Silencing HIV
Viral suppression via DNA methylation
Background
Human Immunodeficiency Virus (HIV) is a devastating pathogen that infects people for life and slowly destroys their immune system. Fortunately, there have been treatments developed in recent years that do a pretty good job of counteracting HIV’s spread through the body. However, they are not perfect, and the virus can still develop resistance to these standard therapies. In this article, a research group in California describes their work to develop a new kind of therapy for HIV, one that attacks it at its root. But before we dive into the paper, we need to talk about how HIV invades your cells, and why it is so hard to treat.
Bad DNA
As many of you may know, HIV belongs to a class of pathogens known as retroviruses. The “retro” part of the word means “reverse”, making these literally the “reverse-viruses.” This name comes from their ability to engage in reverse transcription, a biological activity that is not very common but extraordinarily powerful. As you also probably remember, your cells operate in the following manner:
DNA → RNA → Protein
But, in reverse transcription, the flow is reversed, and instead you have:
RNA → DNA
But what does it mean that retroviruses like HIV can do this “in reverse”, and how does it affect disease?
When HIV invades a cell, it copies its own genetic instructions using a special reverse transcriptase protein, converting RNA into DNA. This is the step that makes HIV a retrovirus.
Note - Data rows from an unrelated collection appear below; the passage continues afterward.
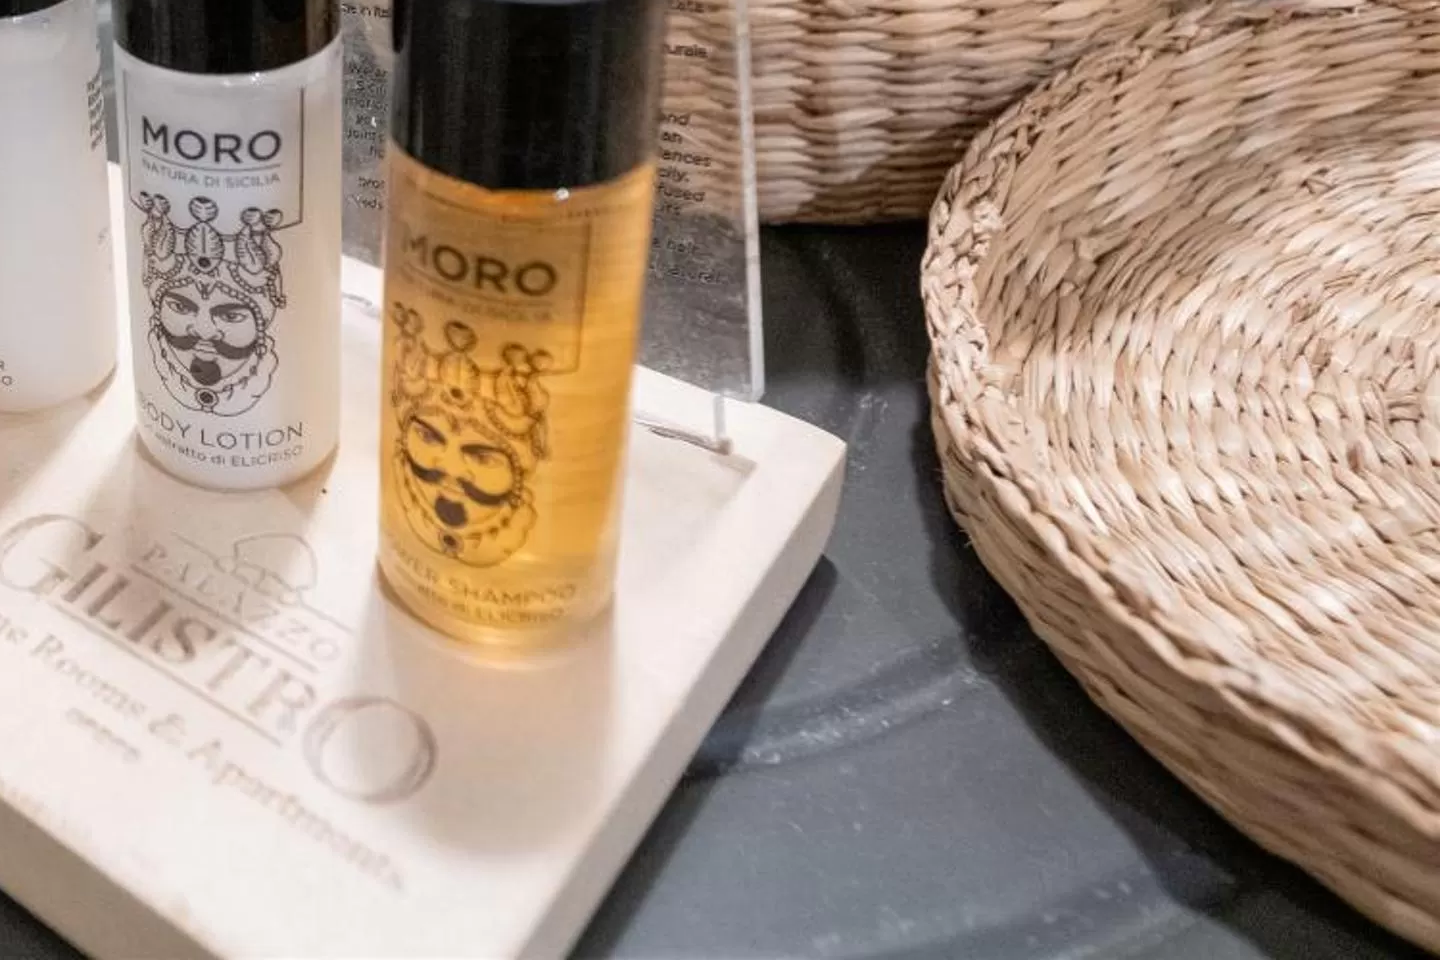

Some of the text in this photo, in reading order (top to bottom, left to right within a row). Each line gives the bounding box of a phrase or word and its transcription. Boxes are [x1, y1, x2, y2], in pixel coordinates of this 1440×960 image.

[141, 114, 282, 164] MORO
[142, 158, 281, 189] NATURA DI SICILIA
[402, 230, 558, 298] MORO
[141, 392, 304, 450] ODY LOTION
[231, 444, 305, 468] ELICRISO
[143, 543, 342, 662] PALAZZO
[29, 632, 148, 718] Rooms
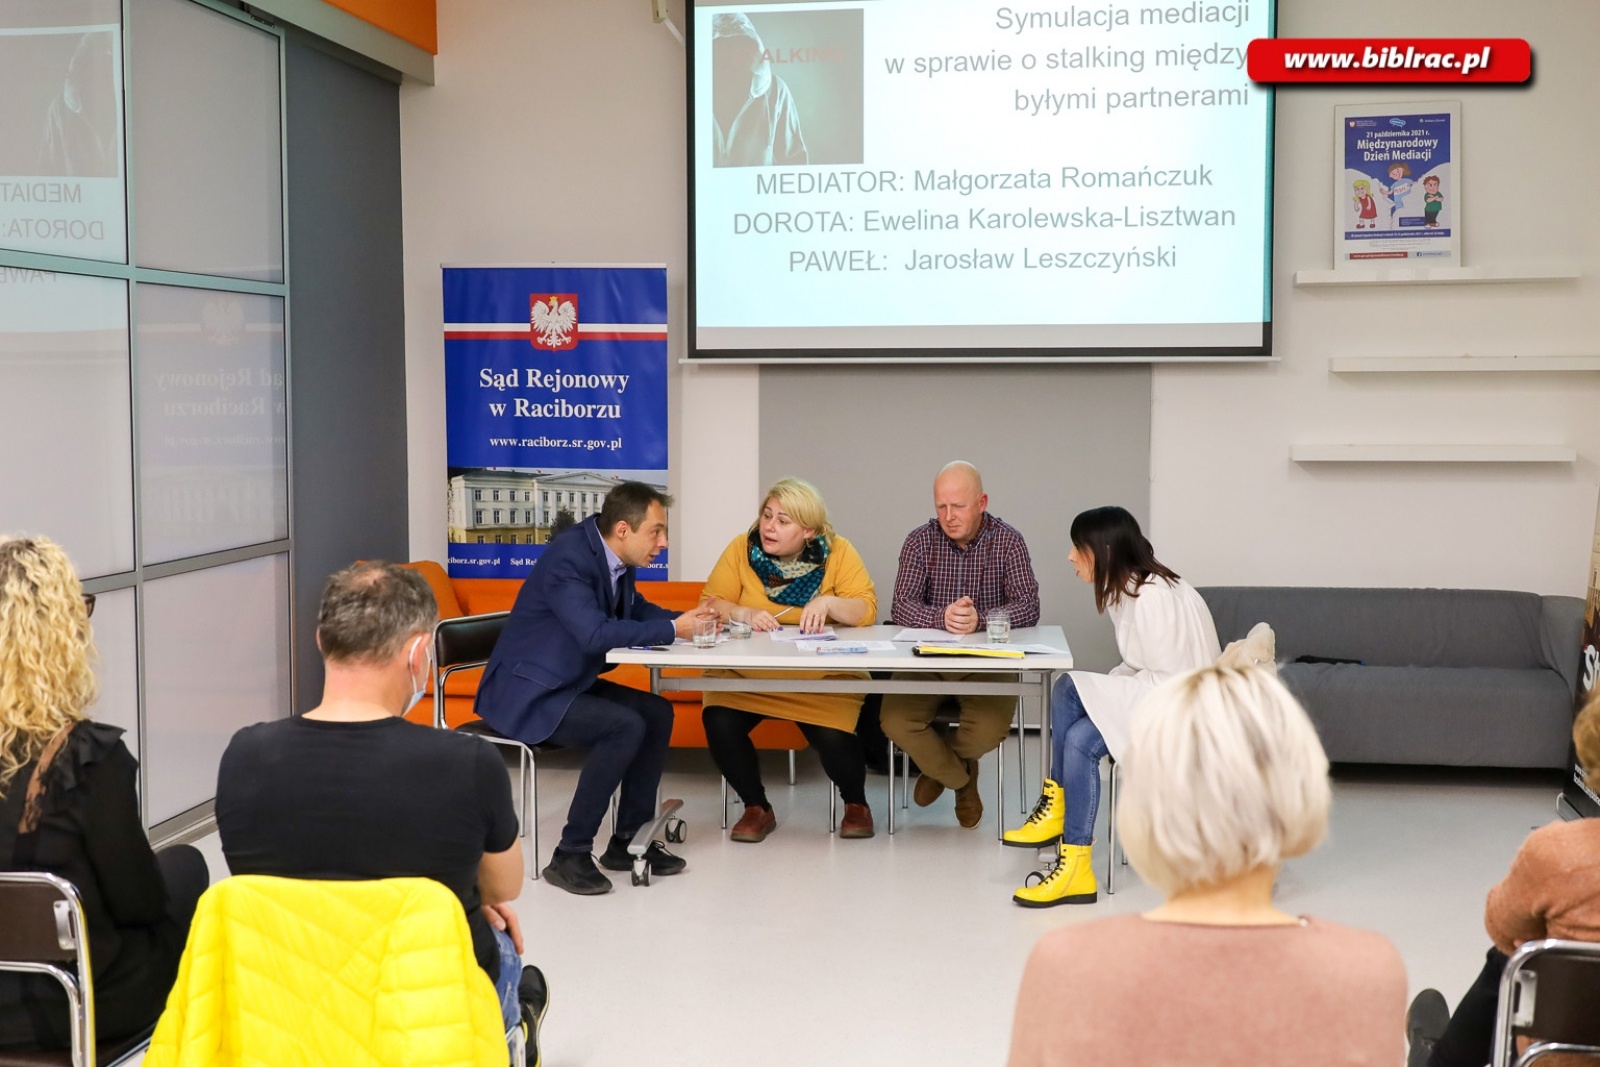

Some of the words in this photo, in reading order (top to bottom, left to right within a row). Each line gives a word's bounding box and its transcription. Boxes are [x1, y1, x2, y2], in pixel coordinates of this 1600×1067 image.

[995, 5, 1130, 35] Symulacja
[1140, 0, 1250, 28] mediacji
[884, 57, 906, 74] w
[913, 51, 1013, 78] sprawie
[1021, 54, 1037, 70] o
[1046, 46, 1145, 73] stalking
[1155, 42, 1248, 72] między
[1014, 87, 1097, 118] byłymi
[1106, 85, 1249, 115] partnerami
[1357, 138, 1438, 151] Międzynarodowy
[1363, 151, 1390, 161] Dzień
[1392, 149, 1432, 161] Mediacji
[756, 171, 904, 195] MEDIATOR:
[914, 169, 1052, 197] Małgorzata
[1061, 165, 1214, 189] Romańczuk
[733, 210, 854, 235] DOROTA:
[863, 208, 960, 232] Ewelina
[969, 206, 1236, 230] Karolewska-Lisztwan
[789, 249, 888, 273] PAWEŁ:
[904, 247, 1015, 271] Jarosław
[1023, 246, 1177, 274] Leszczyński
[479, 368, 519, 391] Sąd
[526, 368, 630, 393] Rejonowy
[489, 403, 507, 417] w
[513, 398, 622, 419] Raciborzu
[489, 436, 623, 451] www.raciborz.sr.gov.pl
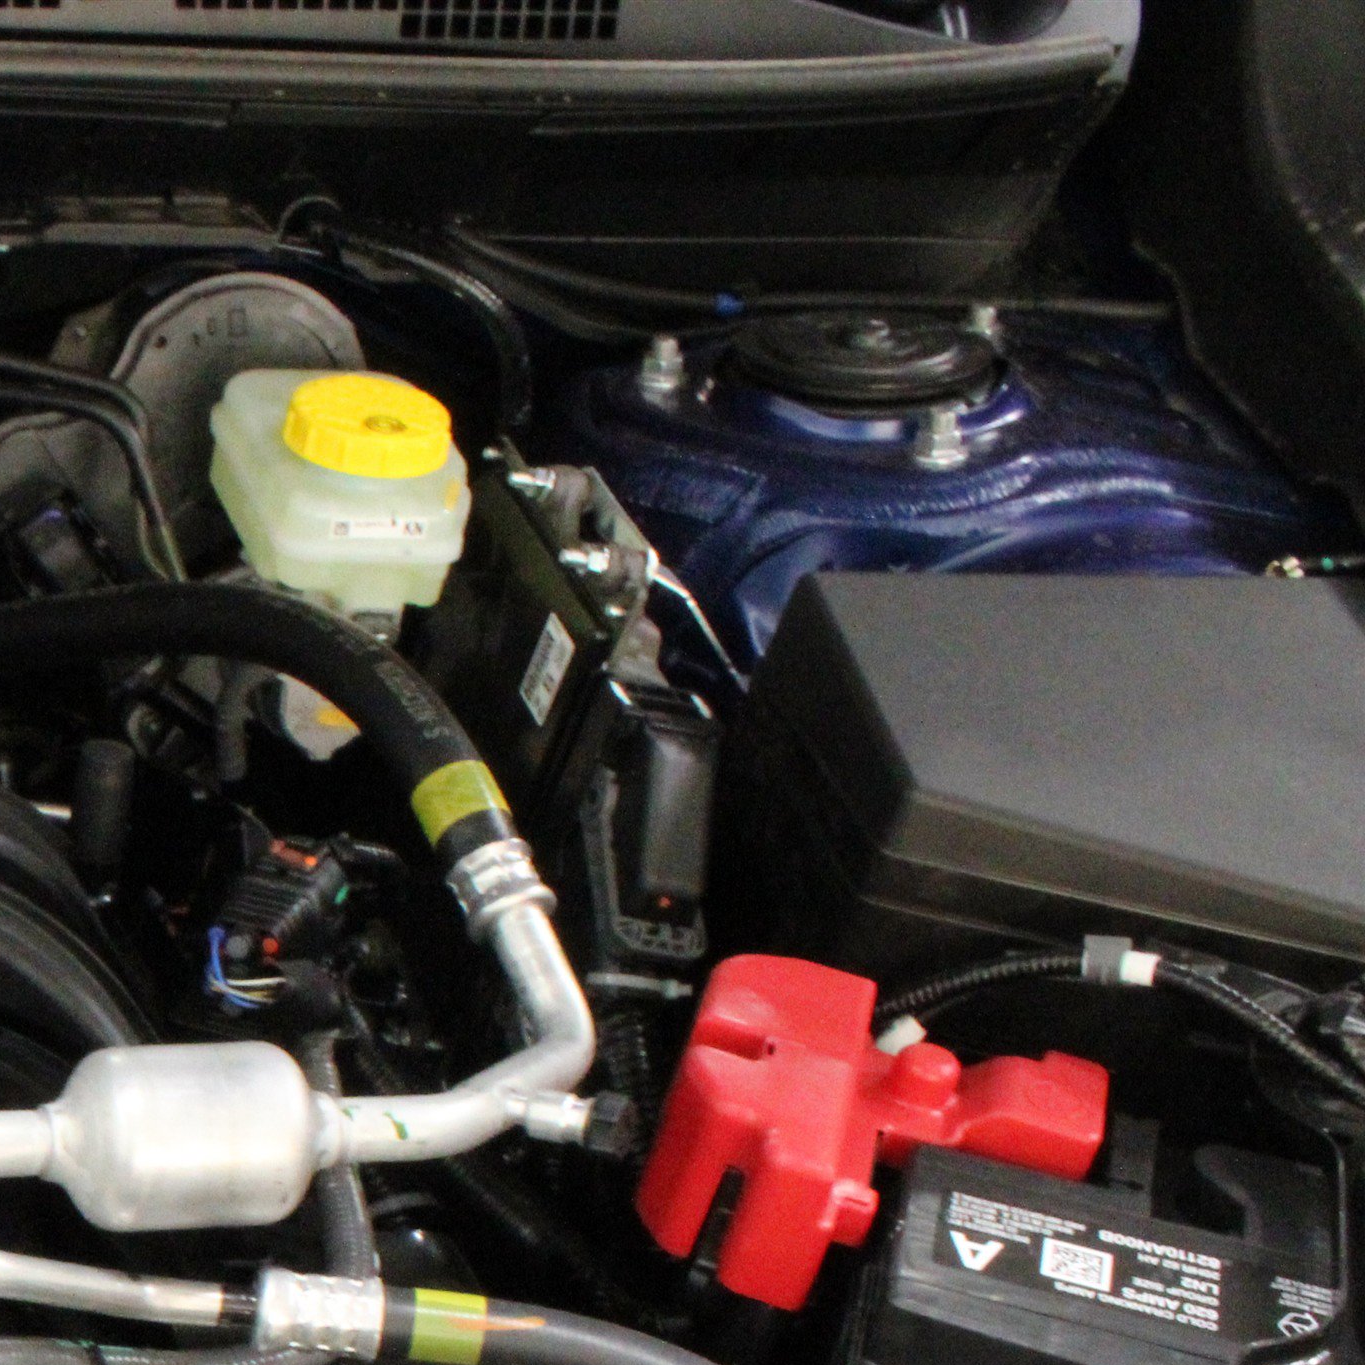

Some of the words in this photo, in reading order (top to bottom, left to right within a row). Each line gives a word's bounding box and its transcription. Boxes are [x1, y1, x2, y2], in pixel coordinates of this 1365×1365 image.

[949, 1230, 1005, 1271] A
[1181, 1276, 1219, 1296] LN2
[1121, 1287, 1181, 1311] AMPS
[1175, 1314, 1218, 1331] COLD
Then, using another protein known as an integrase, it inserts its own DNA into the genome of the cell it is attacking. If this written description isn’t working for you, here’s an excellent diagram for you to reference.
That integration step is critical, because it is the reason why HIV is so difficult to treat. Once the HIV DNA is incorporated, it becomes a permanent part of the host DNA, and there’s no way for the cell to remove it. On top of that, the HIV DNA can be transcribed after it has integrated into the genome, a process which generates new viruses to infect new cells. Because of the virus’s ability to “hide” in the host’s DNA, individuals who contract HIV are infected for life. While they can take medication to fight off the virus circulating in their body, they cannot attack the virus that has already integrated into their DNA. That is…until now.
Summary: Taking Out Bad DNA (but not removing it)
In order to tackle the problem of HIV infection, this research team took advantage of a form of genetic modification that already exists in human cells: DNA methylation.
DNA methylation falls into the category of epigenetics — genetic changes that alter the function of DNA without irreversibly changing its code. The process is very simple. A protein known very creatively as “DNA methylase” adds methyl groups (carbon bonded to three hydrogens) to stretches of DNA to which it is targeted. If you want to see the mechanism for the methylation of cytosine, click here
When a section of DNA is methylated, it is silenced, meaning it is no longer transcribed. The team of researchers in this study took advantage of this mechanism by creating proteins specifically designed to target and methylate HIV DNA, effectively shutting it down. They started with a group of slightly different fusion proteins and then narrowed their focus to the most promising candidates. For simplicity, we’re going to focus on just one of these candidate proteins: ZPAMt.
You can think of each domain of this protein as a specialized targeting system. First there is the nuclear localization signal (NLS) that targets the protein to the nucleus. Then, there is the zinc finger domain (ZFP), which was specifically designed to bind to any HIV DNA in the genome. Finally, there is the methylase domain, which signals the cell to methylate the strand of HIV DNA that the fusion protein is bound to.
Nuclear localization signal, zinc finger domain, methylase
To test their design, they treated an HIV-infected human cell line with the mRNA for their fusion protein. As you can imagine, they couldn’t just dose a cell with plain mRNA, so they had to first package it into exosomes, which are then able to fuse with the target cells membrane and deliver the mRNA therapy inside the cell. This strategy is common in genetic therapies, and is similar to the strategy used for the COVID-19 mRNA vaccines.
When the team measured the expression of HIV RNA markers over a period of two months, they found that the cells treated with ZPAMt had a steep drop in their RNA measurements as compared to the control. This data is presented in figure 2g which you can find here.
In my opinion, their most impressive data is in figure 4. They infected mice with HIV, then treated them several days later with both the traditional therapy regimen + ZPAMt. They sampled viral RNA every day after beginning the treatment, and found that, by day 10, the combined regimen with ZPAMt decreased viral load by over a thousand fold! That data is reported in figure 4c which I’ve linked here.
As always with these summaries, the paper describes many more experiments that further explore and validate the fusion proteins, and I would encourage you to look through more of their data to test your ability to read primary research. This paper represents an impressive new breakthrough in the field of HIV research that will hopefully help in the development of similar therapies that work to repress HIV DNA transcription and permanently cure those chronically infected.